Regia di Ezio Greggio vedi scheda film
Il primo film italiano in 3D è di un attore comico più televisivo che cinematografico che riprende in mano le redini della regia dopo 11 anni dal suo ultimo lavoro. Greggio lo conosciamo bene, rimane sempre lui e questo ci fa piacere perché è un punto fermo nel magma dispersivo di "Box Office". Ovvio che con troppe parodie diverse è un casino fare un unico film, ma la divisione fra trailer ed episodi non è delle più felici.

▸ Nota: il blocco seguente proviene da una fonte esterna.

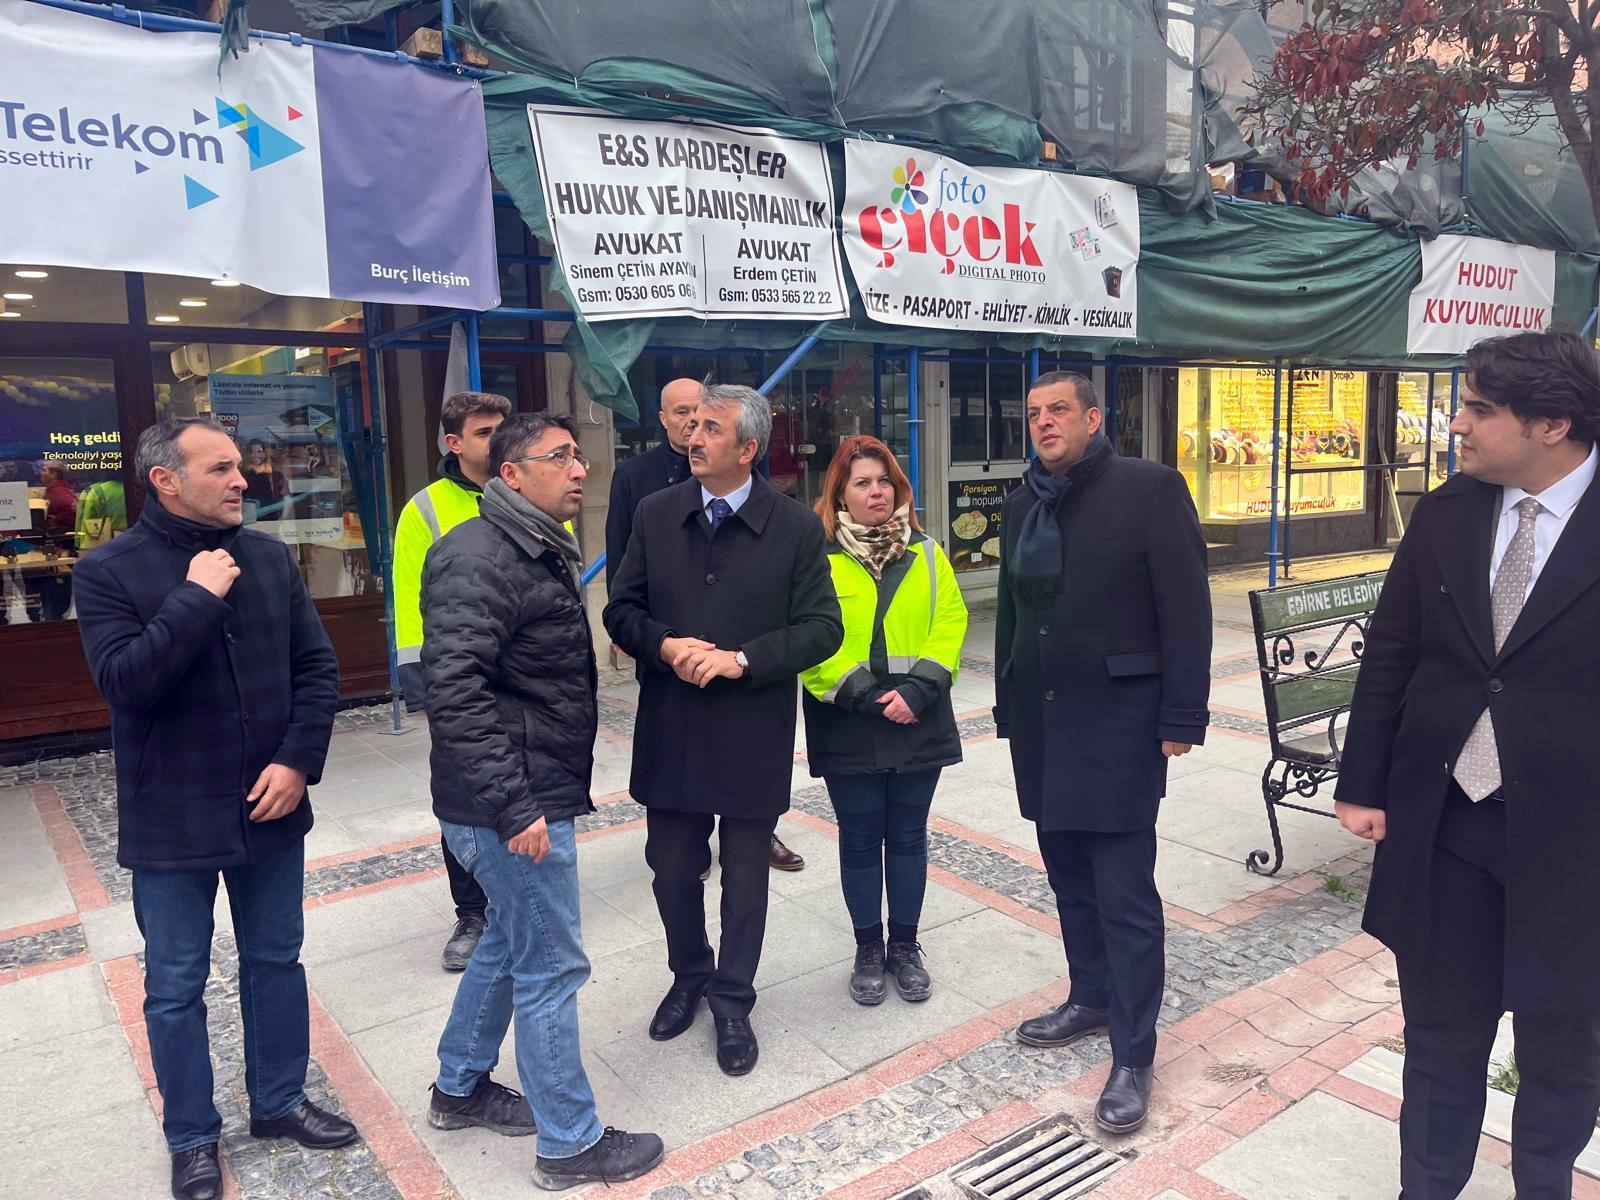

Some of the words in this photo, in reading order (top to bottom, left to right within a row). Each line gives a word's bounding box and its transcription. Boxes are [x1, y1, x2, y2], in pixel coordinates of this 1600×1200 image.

[0, 101, 224, 164] Telekom
[599, 133, 649, 168] E&S
[655, 136, 787, 182] KARDEŞLER
[935, 168, 986, 211] foto
[555, 183, 645, 215] HUKUK
[647, 185, 683, 215] VE
[685, 189, 827, 230] DANIŞMANLIK
[594, 232, 683, 255] AVUKAT
[737, 238, 811, 262] AVUKAT
[370, 263, 409, 284] Burç
[412, 264, 470, 289] İletişim
[570, 264, 614, 279] Sinem
[617, 260, 656, 281] ÇETİN
[733, 266, 777, 281] Erdem
[781, 267, 817, 285] ÇETİN
[959, 265, 1007, 280] DIGITAL
[1010, 269, 1046, 283] PHOTO
[1457, 261, 1518, 291] HUDUT
[578, 287, 612, 302] Gsm:
[615, 286, 648, 301] 0530
[651, 284, 675, 298] 605
[719, 287, 748, 302] Gsm:
[751, 288, 780, 302] 0533
[782, 289, 801, 303] 565
[802, 290, 816, 304] 22
[817, 291, 833, 304] 22
[903, 295, 972, 320] PASAPORT
[982, 299, 1027, 323] EHLİYET
[1034, 302, 1071, 326] KİMLİK
[1082, 306, 1133, 329] VESİKALIK
[1423, 298, 1546, 330] KUYUMCULUK
[50, 432, 81, 446] Hoş
[43, 451, 99, 460] Teknolojiyi
[963, 485, 998, 495] Porsiyon
[971, 496, 1003, 508] порция
[1286, 590, 1331, 617] EDİRNE
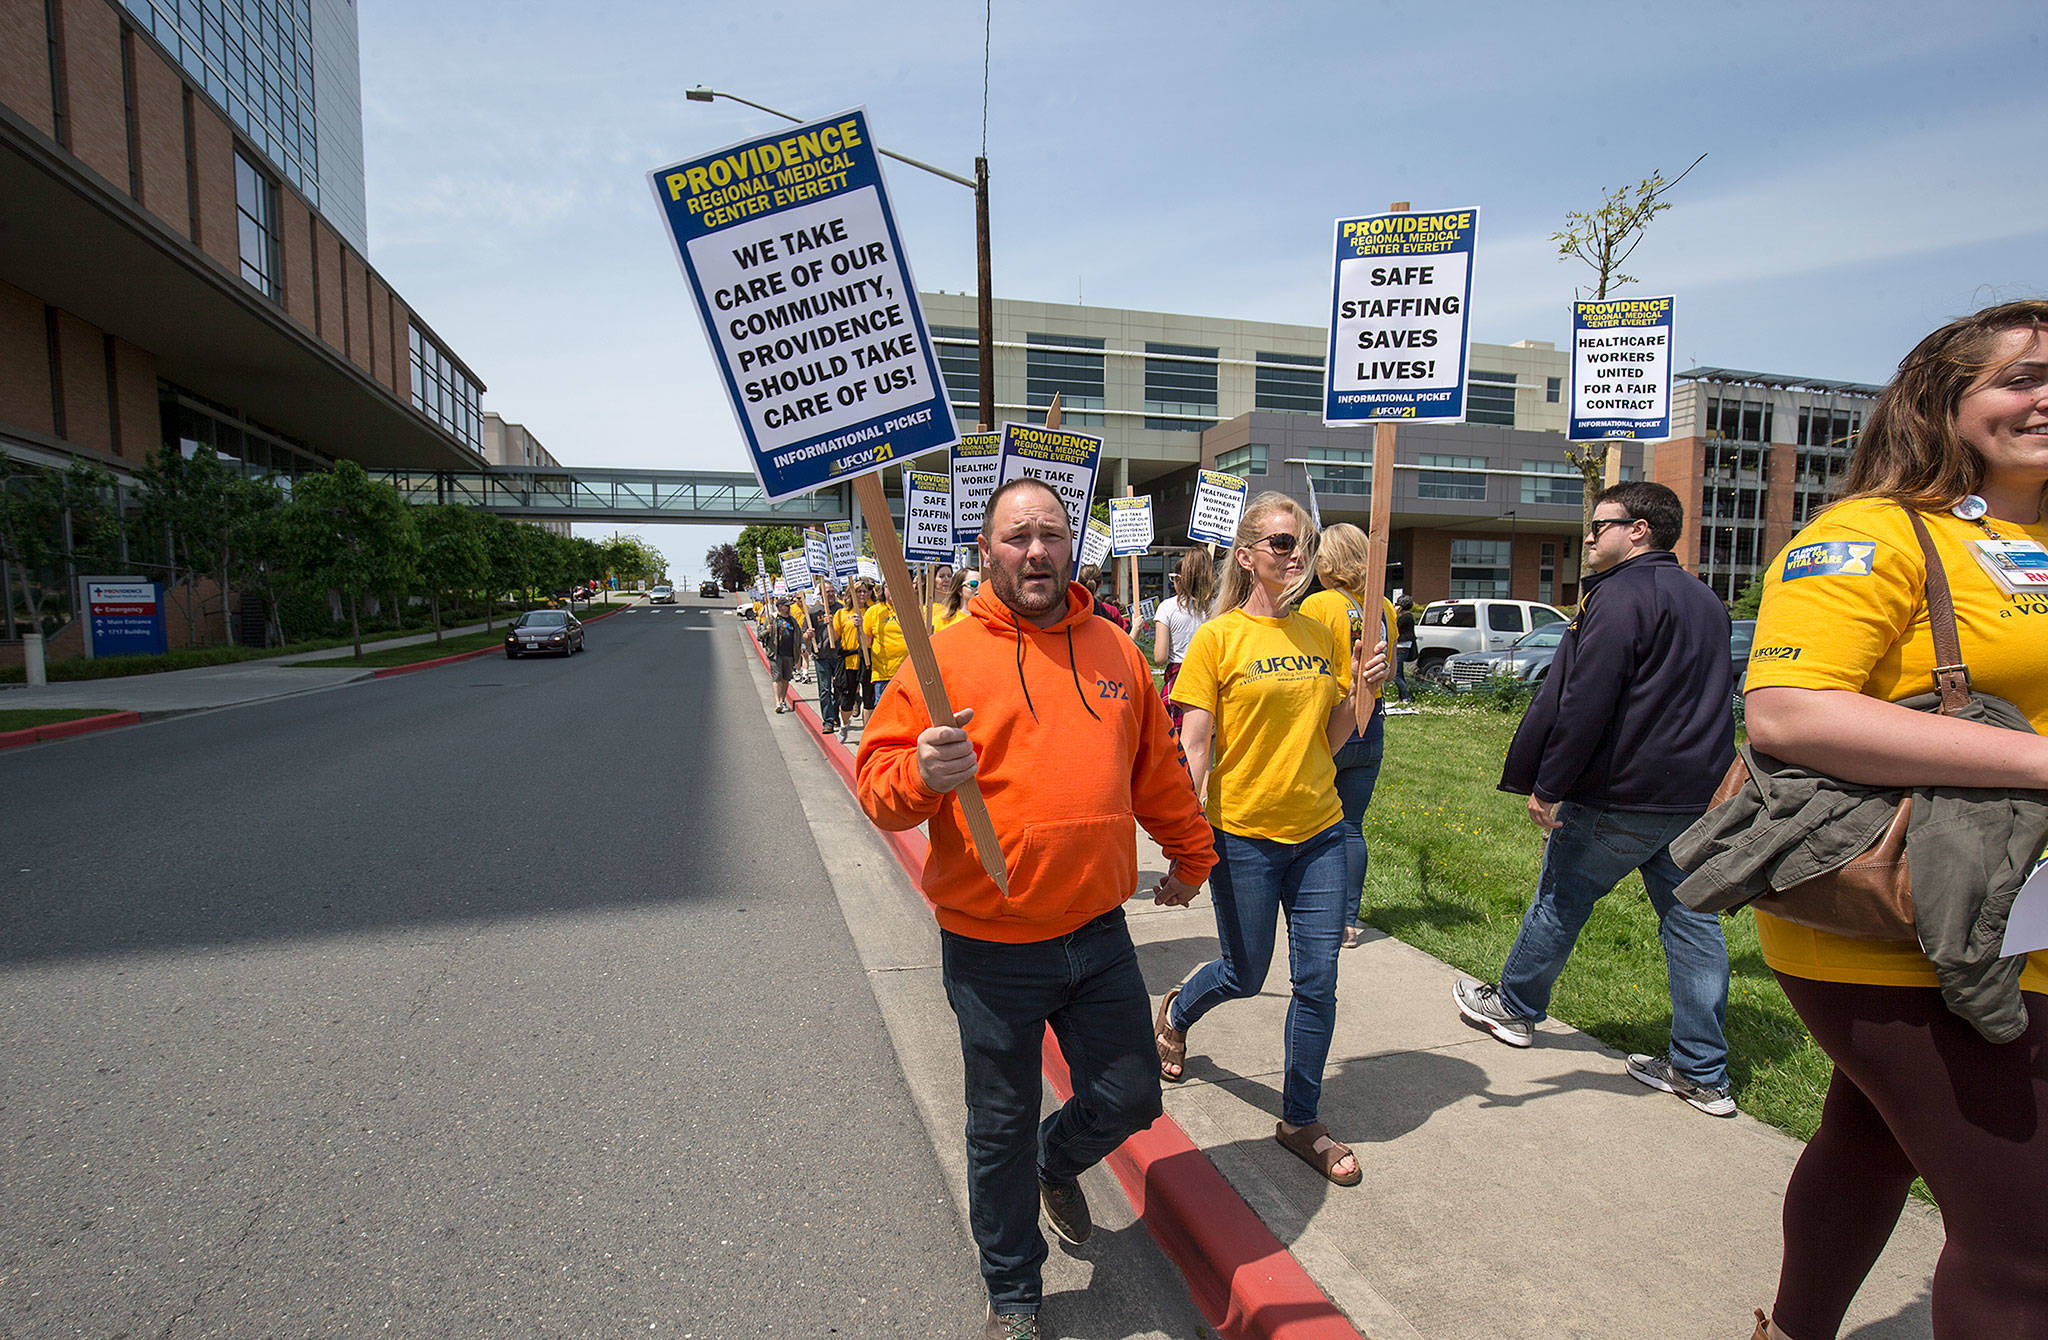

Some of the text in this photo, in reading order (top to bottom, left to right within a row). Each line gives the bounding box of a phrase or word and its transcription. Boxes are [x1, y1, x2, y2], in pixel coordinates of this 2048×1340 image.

"Box Office" è anche una divisione fra parti riuscite, parti minori, parti brutte. Della comicità dei film precedenti di Greggio (fra tutti quel "Silenzio dei prosciutti troppo sottovalutato) la si trova in pochi frammenti ed in tutto l'episodio de "Il codice Teomondo Scrofalo" che, guarda caso, risulta il migliore. Però la pellicola si fa troppo influenzare dalle commedie italiane degli ultimi anni e quindi giù dai con dialetti e cavolate varie che sanno di visto e rivisto. Inoltre molti attori che nel loro hanno sempre reso bene appaiono qui fuori luogo (Izzo), inutili (Salvi) o usati male (Proietti, perché diavolo recita in napoletano???). Comparsate a gò gò (ma quella di Giurato è esilarante) ed un finale che si rivela essere intelligente e con tanto di cameo della Lollo nazionale.
"Box Office" usa come punto di forza il demenziale (altrimenti tante cose non te le spieghi) per scherzare del cinema, delle sue manie, del suo mondo, del suo futuro. Ed è proprio vero, come recita la didascalia in fondo, che "finche c'è cinema c'è parodia". Ma si fosse respirata una aria meno italiana e più internazionale, più generica quindi, sarebbe stato un film migliore.